PROBLEM
Every line of the data below should be retyped exactly, with no images carried over.

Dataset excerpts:
- Opening Delimiter -

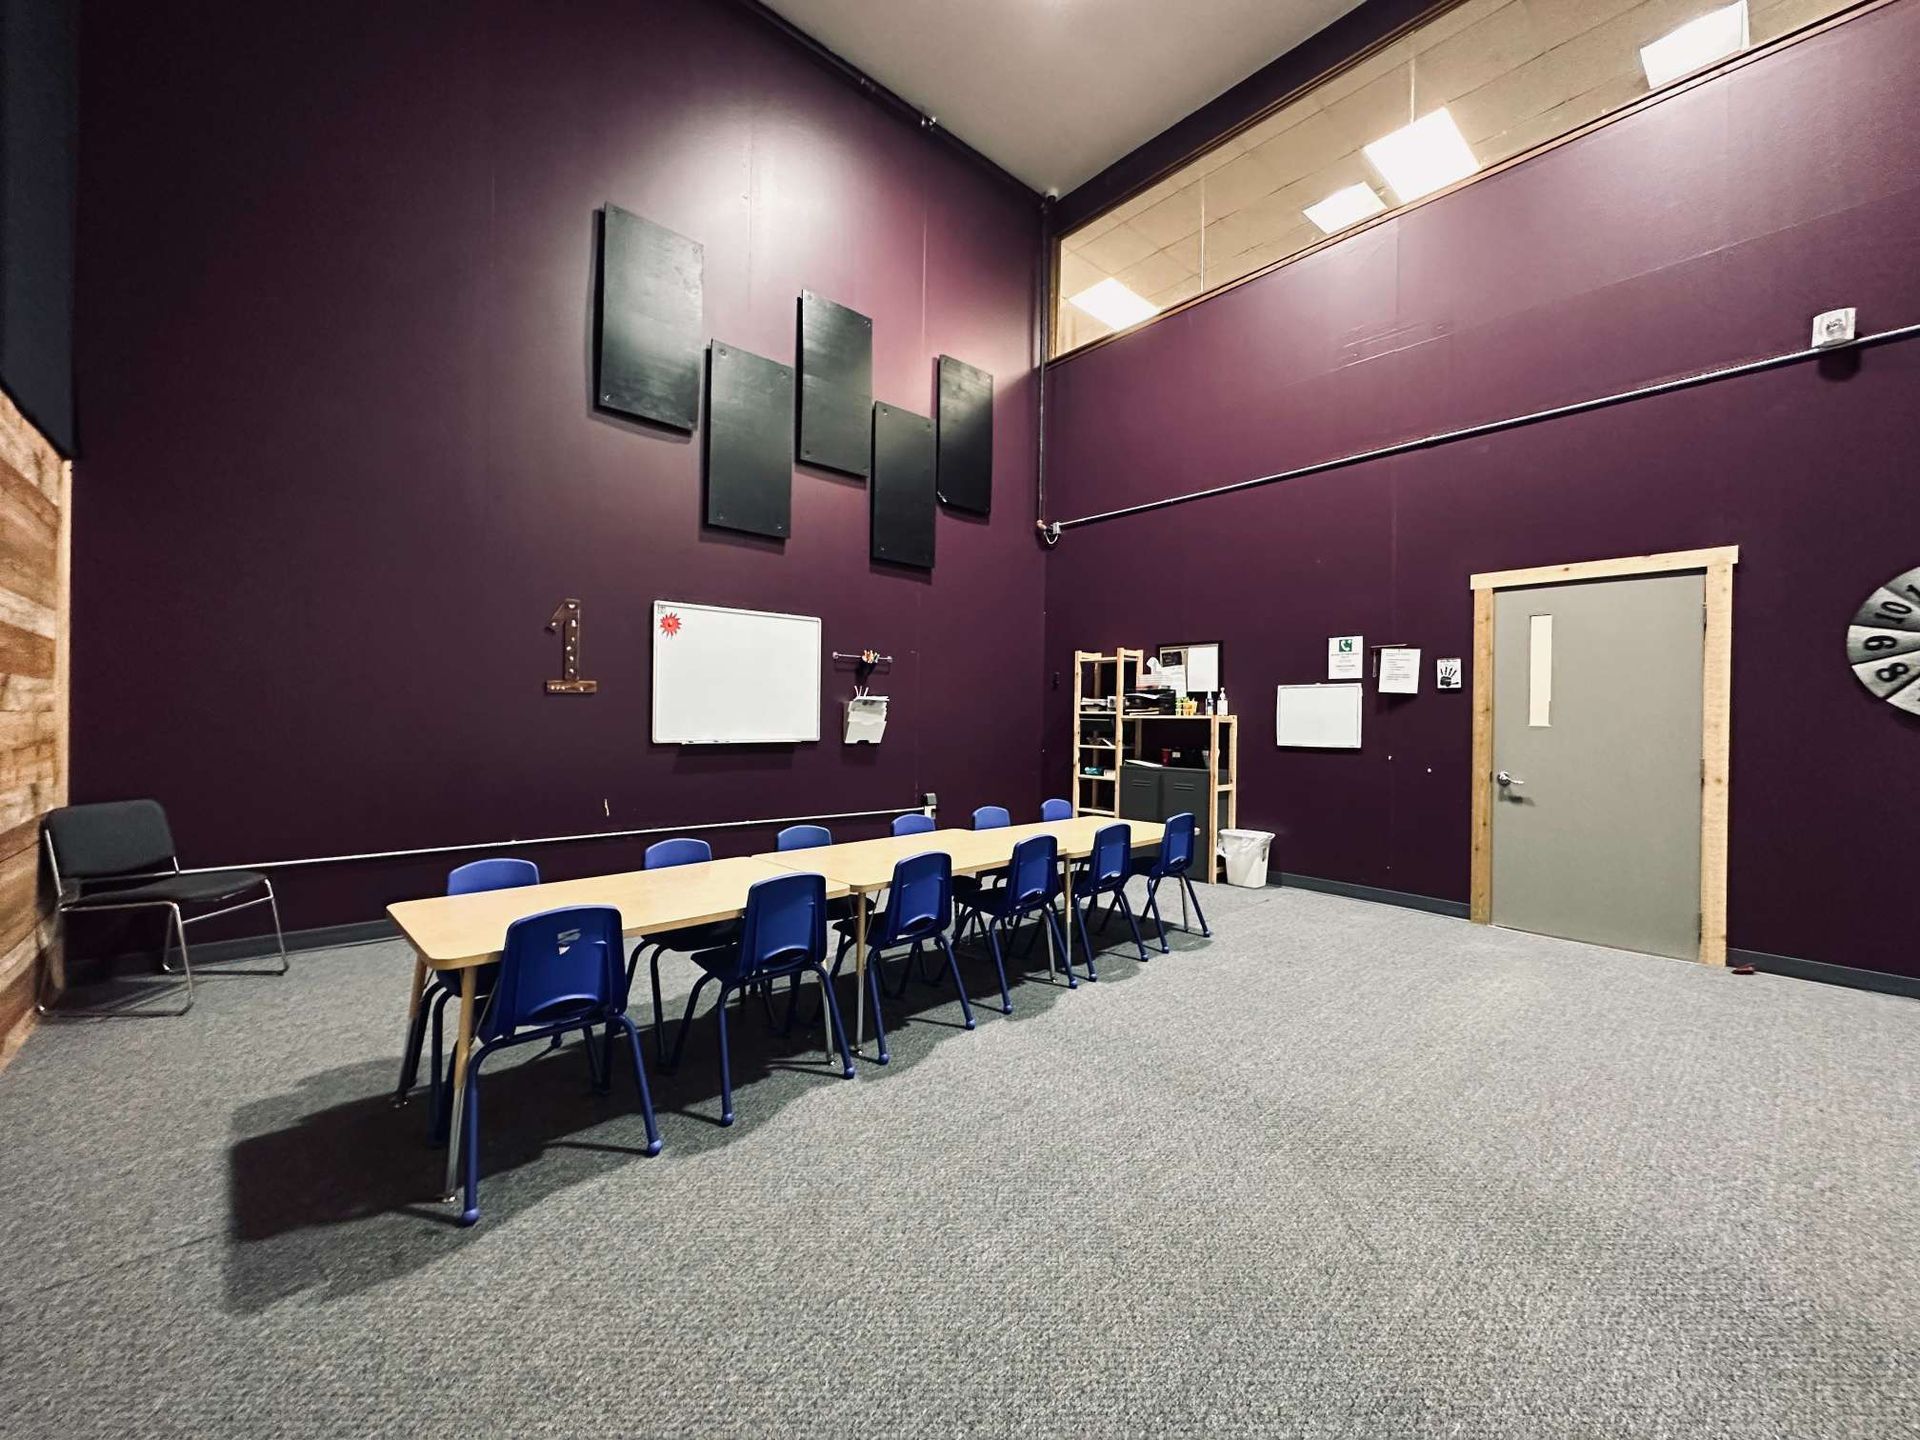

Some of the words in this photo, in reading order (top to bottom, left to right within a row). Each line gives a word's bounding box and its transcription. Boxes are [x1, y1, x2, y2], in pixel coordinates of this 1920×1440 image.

[1874, 601, 1913, 624] 10
[547, 598, 597, 693] 1
[1863, 635, 1898, 651] 9
[1875, 662, 1910, 682] 8
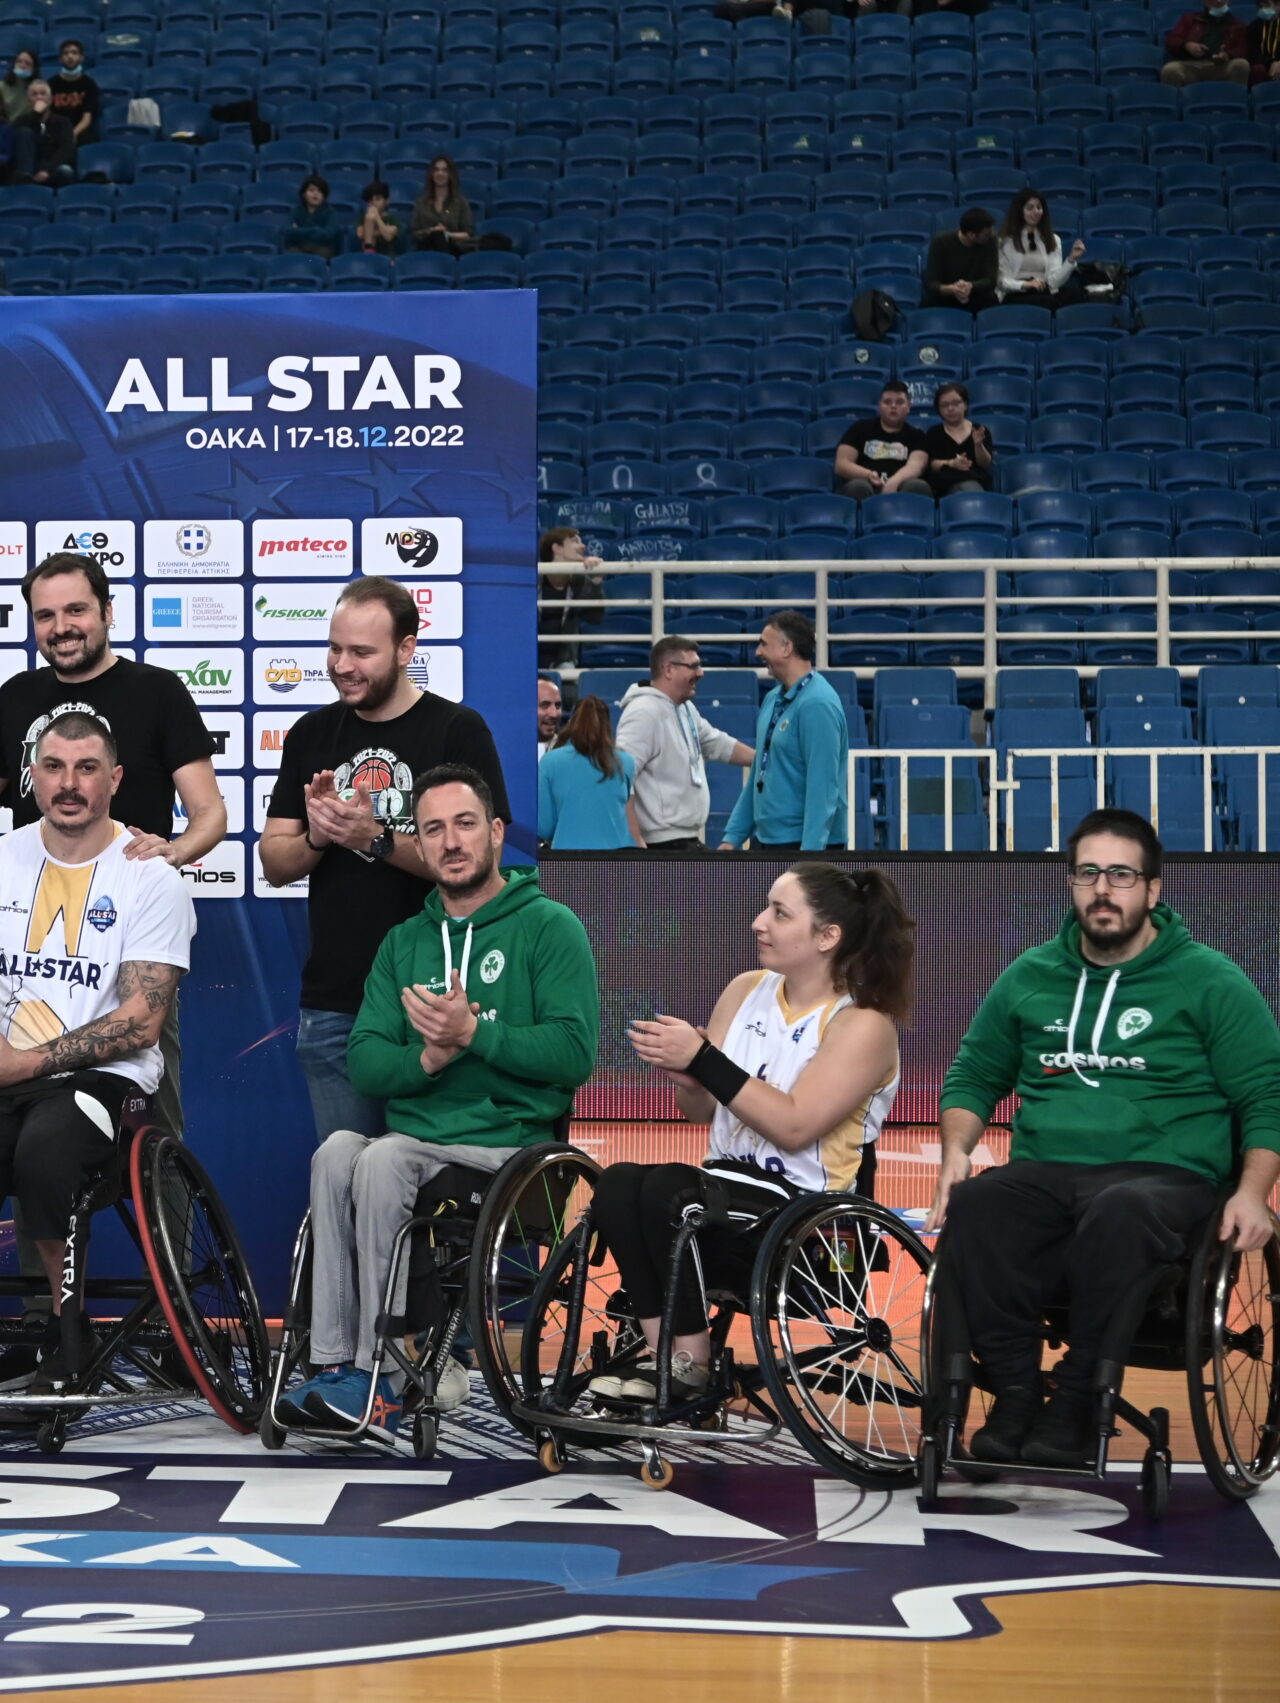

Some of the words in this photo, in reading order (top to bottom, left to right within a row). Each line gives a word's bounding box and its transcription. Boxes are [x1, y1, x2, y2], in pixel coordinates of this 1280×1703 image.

- Closing Delimiter -

EXERCISE RESPONSE
Some of the words in this photo, in reading order (top to bottom, left to right within a row). Each line gives a word's bounding box and its transcription. Boxes are [x1, y1, x2, y2], in pixel coordinates of this 1920×1440 image.

[1874, 601, 1913, 624] 10
[547, 598, 597, 693] 1
[1863, 635, 1898, 651] 9
[1875, 662, 1910, 682] 8

Some of the words in this photo, in reading order (top to bottom, left to right within a row). Each line gives a word's bounding box and its transcription. Boxes are [x1, y1, x2, y2], in pixel coordinates of this 1280×1703 image.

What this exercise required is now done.